Records for this exercise section start

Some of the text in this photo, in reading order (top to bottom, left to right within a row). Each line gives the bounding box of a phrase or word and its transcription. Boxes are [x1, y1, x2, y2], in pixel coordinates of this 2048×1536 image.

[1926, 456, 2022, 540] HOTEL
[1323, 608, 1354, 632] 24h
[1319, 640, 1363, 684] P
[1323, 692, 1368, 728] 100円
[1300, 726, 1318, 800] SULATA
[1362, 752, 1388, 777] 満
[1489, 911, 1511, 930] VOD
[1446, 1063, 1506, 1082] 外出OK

Records for this exercise section end

Retype the records in their entirety, matching each one exactly.

Some of the text in this photo, in reading order (top to bottom, left to right within a row). Each line gives the bounding box of a phrase or word and its transcription. Boxes are [x1, y1, x2, y2], in pixel coordinates of this 2048×1536 image.

[1926, 456, 2022, 540] HOTEL
[1323, 608, 1354, 632] 24h
[1319, 640, 1363, 684] P
[1323, 692, 1368, 728] 100円
[1300, 726, 1318, 800] SULATA
[1362, 752, 1388, 777] 満
[1489, 911, 1511, 930] VOD
[1446, 1063, 1506, 1082] 外出OK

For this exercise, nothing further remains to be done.